Macrophages are known to release a number of different inflammatory mediators with cytotoxic potential. In the present studies we analyzed the role of two macrophage-derived mediators, tumor necrosis factor-α (TNF-α) and nitric oxide, in liver injury induced by carbon tetrachloride (CCl4). Treatment of mice with CCl4 resulted in a dose- and time-dependent induction of centrilobular hepatic necrosis. This was observed within 12 h with 0.3 ml/kg CCl4 and was correlated with increases in serum transaminase levels. CCl4 administration also caused increases in hepatic TNF-α mRNA expression and serum TNF-α levels, as well as inducible nitric oxide synthase (NOS II) protein expression in the liver.

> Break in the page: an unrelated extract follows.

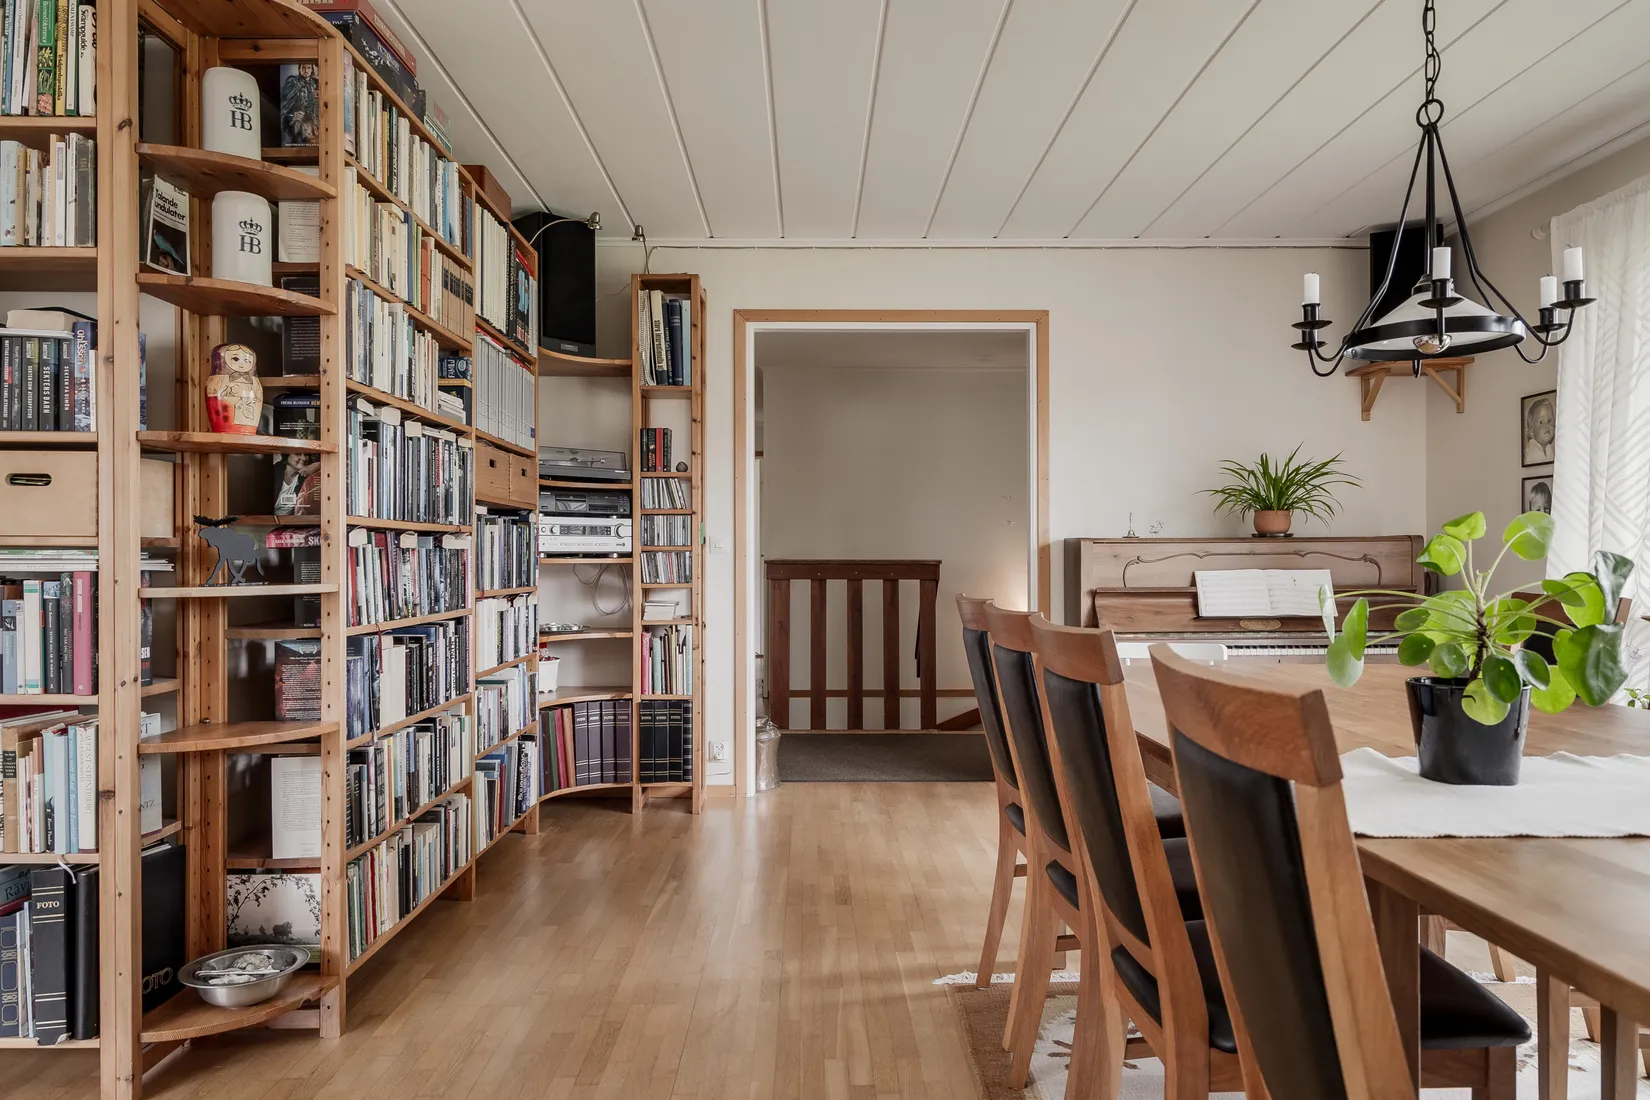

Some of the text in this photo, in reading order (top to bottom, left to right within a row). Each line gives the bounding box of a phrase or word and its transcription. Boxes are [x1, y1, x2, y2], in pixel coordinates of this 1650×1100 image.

To study the role of TNF-α and nitric oxide in hepatotoxicity, we used knockout mice lacking the gene for the 55-kDa TNF-α receptor (TNFR1/p55), the TNF-α cytokine, or NOS II. We found that CCl4 was significantly less effective in inducing hepatotoxicity in mice lacking TNFR1/p55 or the TNF-α cytokine. In contrast, CCl4-induced liver injury was increased in knockout mice lacking the gene for NOS II. This was associated with an increase in hepatic TNF-α mRNA expression and serum TNF-α levels. These data suggest that the hepatoprotective effects of nitric oxide in this model may be due in part to inhibition of TNF-α.